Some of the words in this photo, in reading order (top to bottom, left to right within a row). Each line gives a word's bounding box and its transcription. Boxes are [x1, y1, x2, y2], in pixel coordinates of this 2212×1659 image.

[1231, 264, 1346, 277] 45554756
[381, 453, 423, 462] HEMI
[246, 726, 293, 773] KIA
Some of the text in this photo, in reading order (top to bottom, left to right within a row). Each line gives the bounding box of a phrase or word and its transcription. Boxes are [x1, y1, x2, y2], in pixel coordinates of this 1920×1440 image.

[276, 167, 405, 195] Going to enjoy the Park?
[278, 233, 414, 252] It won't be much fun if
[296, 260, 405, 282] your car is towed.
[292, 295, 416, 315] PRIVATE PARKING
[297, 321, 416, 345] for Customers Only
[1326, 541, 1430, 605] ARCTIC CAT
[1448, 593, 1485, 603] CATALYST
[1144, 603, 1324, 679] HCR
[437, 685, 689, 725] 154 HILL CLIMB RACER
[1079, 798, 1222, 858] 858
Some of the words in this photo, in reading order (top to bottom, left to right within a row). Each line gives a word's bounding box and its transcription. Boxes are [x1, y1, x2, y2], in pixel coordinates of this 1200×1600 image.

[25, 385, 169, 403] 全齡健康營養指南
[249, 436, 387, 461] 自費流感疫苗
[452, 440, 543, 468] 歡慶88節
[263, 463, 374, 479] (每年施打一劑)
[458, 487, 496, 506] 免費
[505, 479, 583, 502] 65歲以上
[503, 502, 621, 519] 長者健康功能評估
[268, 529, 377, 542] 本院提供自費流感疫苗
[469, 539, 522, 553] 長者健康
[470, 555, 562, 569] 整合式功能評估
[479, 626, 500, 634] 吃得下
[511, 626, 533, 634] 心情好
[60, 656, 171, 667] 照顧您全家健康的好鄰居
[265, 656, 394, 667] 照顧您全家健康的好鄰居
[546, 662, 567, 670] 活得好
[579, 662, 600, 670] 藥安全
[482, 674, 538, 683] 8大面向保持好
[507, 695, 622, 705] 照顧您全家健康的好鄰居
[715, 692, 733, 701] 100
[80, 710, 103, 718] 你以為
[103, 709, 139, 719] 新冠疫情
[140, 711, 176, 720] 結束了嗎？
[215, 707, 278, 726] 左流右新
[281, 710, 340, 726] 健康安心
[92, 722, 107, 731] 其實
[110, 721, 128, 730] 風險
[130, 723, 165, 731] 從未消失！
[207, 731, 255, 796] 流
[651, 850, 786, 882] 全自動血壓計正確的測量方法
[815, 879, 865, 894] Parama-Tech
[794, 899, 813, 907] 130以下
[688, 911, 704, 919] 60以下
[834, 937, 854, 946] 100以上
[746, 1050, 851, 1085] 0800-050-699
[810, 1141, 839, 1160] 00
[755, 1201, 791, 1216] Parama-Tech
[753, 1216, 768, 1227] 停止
---------------
### YOUR TASK
Restate each record above exactly, leaving nothing out.

### EXERCISE RESULT
Some of the words in this photo, in reading order (top to bottom, left to right within a row). Each line gives a word's bounding box and its transcription. Boxes are [x1, y1, x2, y2], in pixel coordinates of this 2212×1659 image.

[1231, 264, 1346, 277] 45554756
[381, 453, 423, 462] HEMI
[246, 726, 293, 773] KIA
Some of the text in this photo, in reading order (top to bottom, left to right within a row). Each line gives the bounding box of a phrase or word and its transcription. Boxes are [x1, y1, x2, y2], in pixel coordinates of this 1920×1440 image.

[276, 167, 405, 195] Going to enjoy the Park?
[278, 233, 414, 252] It won't be much fun if
[296, 260, 405, 282] your car is towed.
[292, 295, 416, 315] PRIVATE PARKING
[297, 321, 416, 345] for Customers Only
[1326, 541, 1430, 605] ARCTIC CAT
[1448, 593, 1485, 603] CATALYST
[1144, 603, 1324, 679] HCR
[437, 685, 689, 725] 154 HILL CLIMB RACER
[1079, 798, 1222, 858] 858
Some of the words in this photo, in reading order (top to bottom, left to right within a row). Each line gives a word's bounding box and its transcription. Boxes are [x1, y1, x2, y2], in pixel coordinates of this 1200×1600 image.

[25, 385, 169, 403] 全齡健康營養指南
[249, 436, 387, 461] 自費流感疫苗
[452, 440, 543, 468] 歡慶88節
[263, 463, 374, 479] (每年施打一劑)
[458, 487, 496, 506] 免費
[505, 479, 583, 502] 65歲以上
[503, 502, 621, 519] 長者健康功能評估
[268, 529, 377, 542] 本院提供自費流感疫苗
[469, 539, 522, 553] 長者健康
[470, 555, 562, 569] 整合式功能評估
[479, 626, 500, 634] 吃得下
[511, 626, 533, 634] 心情好
[60, 656, 171, 667] 照顧您全家健康的好鄰居
[265, 656, 394, 667] 照顧您全家健康的好鄰居
[546, 662, 567, 670] 活得好
[579, 662, 600, 670] 藥安全
[482, 674, 538, 683] 8大面向保持好
[507, 695, 622, 705] 照顧您全家健康的好鄰居
[715, 692, 733, 701] 100
[80, 710, 103, 718] 你以為
[103, 709, 139, 719] 新冠疫情
[140, 711, 176, 720] 結束了嗎？
[215, 707, 278, 726] 左流右新
[281, 710, 340, 726] 健康安心
[92, 722, 107, 731] 其實
[110, 721, 128, 730] 風險
[130, 723, 165, 731] 從未消失！
[207, 731, 255, 796] 流
[651, 850, 786, 882] 全自動血壓計正確的測量方法
[815, 879, 865, 894] Parama-Tech
[794, 899, 813, 907] 130以下
[688, 911, 704, 919] 60以下
[834, 937, 854, 946] 100以上
[746, 1050, 851, 1085] 0800-050-699
[810, 1141, 839, 1160] 00
[755, 1201, 791, 1216] Parama-Tech
[753, 1216, 768, 1227] 停止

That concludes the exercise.